● **WHAT THE TASK REQUIRES**:
Could you print all the entries below exactly as they appear, omitting the pictures?

● **RECORDS TO PROCESS**:
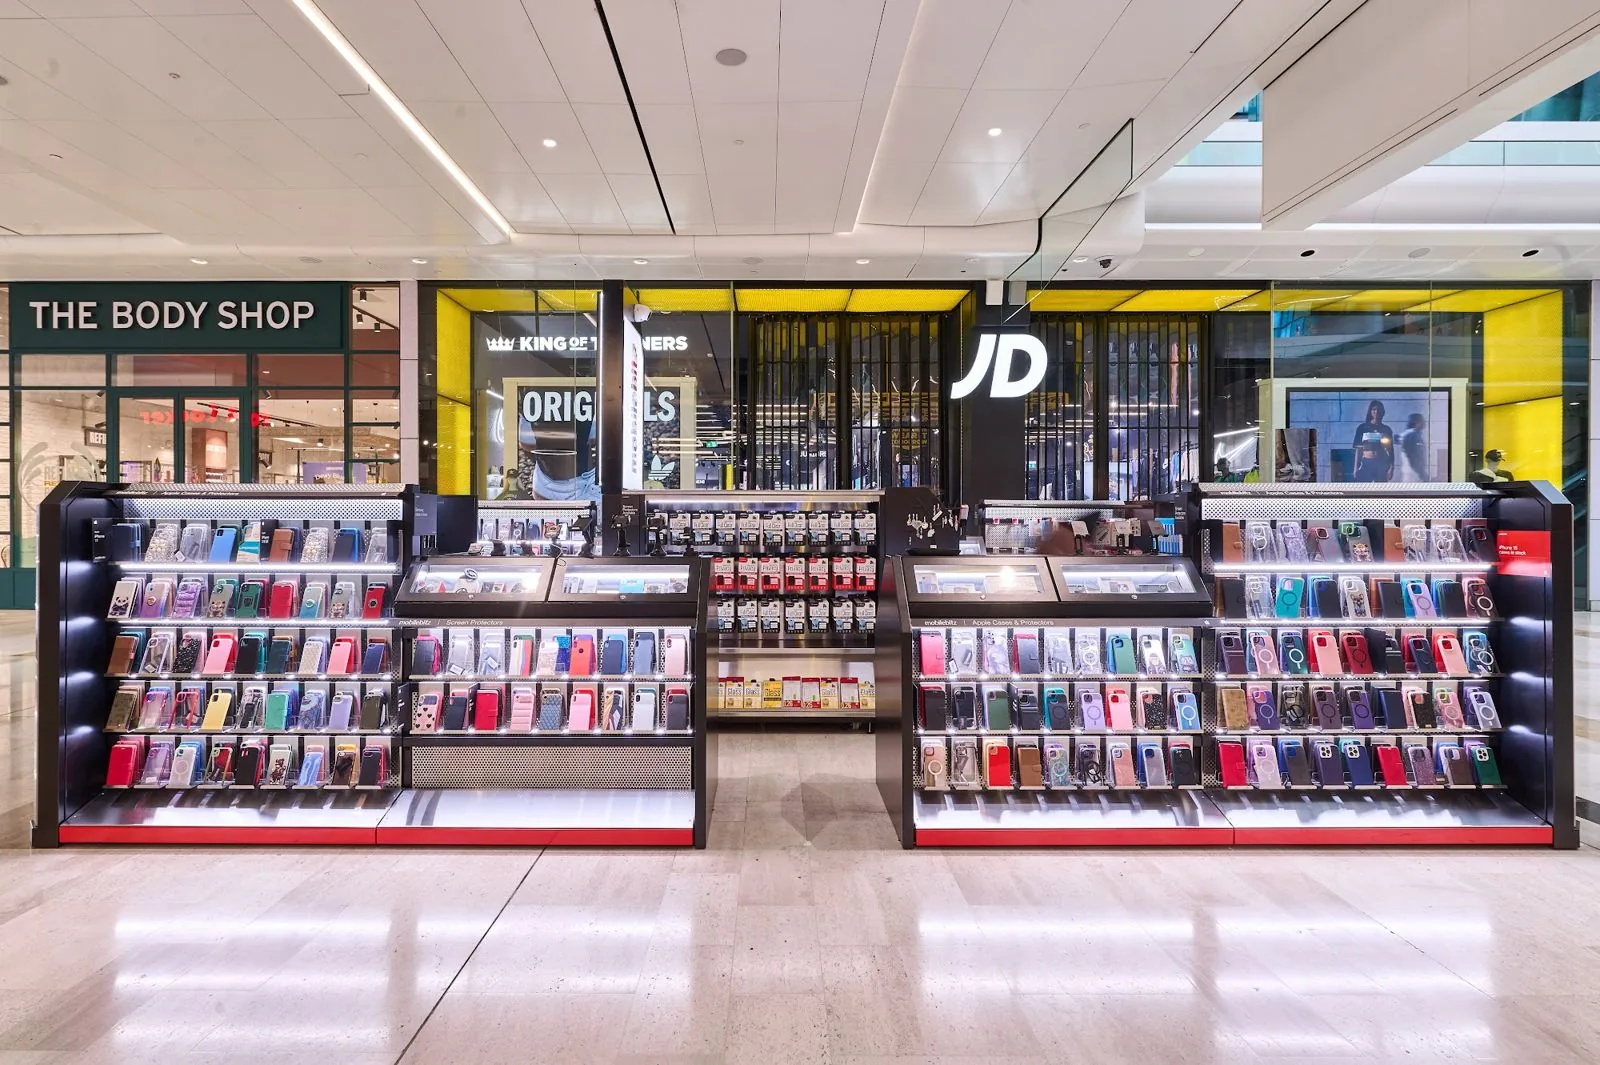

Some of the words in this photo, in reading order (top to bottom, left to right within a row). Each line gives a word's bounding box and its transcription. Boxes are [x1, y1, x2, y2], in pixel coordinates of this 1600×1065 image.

[29, 301, 99, 329] THE
[112, 301, 208, 330] BODY
[218, 301, 315, 330] SHOP
[520, 336, 567, 351] KING
[569, 337, 588, 347] OF
[950, 333, 1048, 400] JD
[523, 390, 676, 422] ORIGLS

● **FINAL ANSWER**:
Some of the words in this photo, in reading order (top to bottom, left to right within a row). Each line gives a word's bounding box and its transcription. Boxes are [x1, y1, x2, y2], in pixel coordinates of this 1600×1065 image.

[29, 301, 99, 329] THE
[112, 301, 208, 330] BODY
[218, 301, 315, 330] SHOP
[520, 336, 567, 351] KING
[569, 337, 588, 347] OF
[950, 333, 1048, 400] JD
[523, 390, 676, 422] ORIGLS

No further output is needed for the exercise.